What you have to do: Every entry below needs to be repeated exactly as written.

Data shown:
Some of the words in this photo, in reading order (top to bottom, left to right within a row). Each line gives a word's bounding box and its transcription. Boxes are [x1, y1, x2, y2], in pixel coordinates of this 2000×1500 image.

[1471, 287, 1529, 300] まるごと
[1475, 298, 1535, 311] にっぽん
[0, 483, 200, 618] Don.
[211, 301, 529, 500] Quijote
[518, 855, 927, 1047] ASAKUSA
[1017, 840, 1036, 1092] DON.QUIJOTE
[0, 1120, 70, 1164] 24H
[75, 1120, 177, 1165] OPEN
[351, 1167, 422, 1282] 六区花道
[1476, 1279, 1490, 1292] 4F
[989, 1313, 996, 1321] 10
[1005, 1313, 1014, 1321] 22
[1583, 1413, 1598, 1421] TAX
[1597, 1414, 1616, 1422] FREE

Response:
Some of the words in this photo, in reading order (top to bottom, left to right within a row). Each line gives a word's bounding box and its transcription. Boxes are [x1, y1, x2, y2], in pixel coordinates of this 2000×1500 image.

[1471, 287, 1529, 300] まるごと
[1475, 298, 1535, 311] にっぽん
[0, 483, 200, 618] Don.
[211, 301, 529, 500] Quijote
[518, 855, 927, 1047] ASAKUSA
[1017, 840, 1036, 1092] DON.QUIJOTE
[0, 1120, 70, 1164] 24H
[75, 1120, 177, 1165] OPEN
[351, 1167, 422, 1282] 六区花道
[1476, 1279, 1490, 1292] 4F
[989, 1313, 996, 1321] 10
[1005, 1313, 1014, 1321] 22
[1583, 1413, 1598, 1421] TAX
[1597, 1414, 1616, 1422] FREE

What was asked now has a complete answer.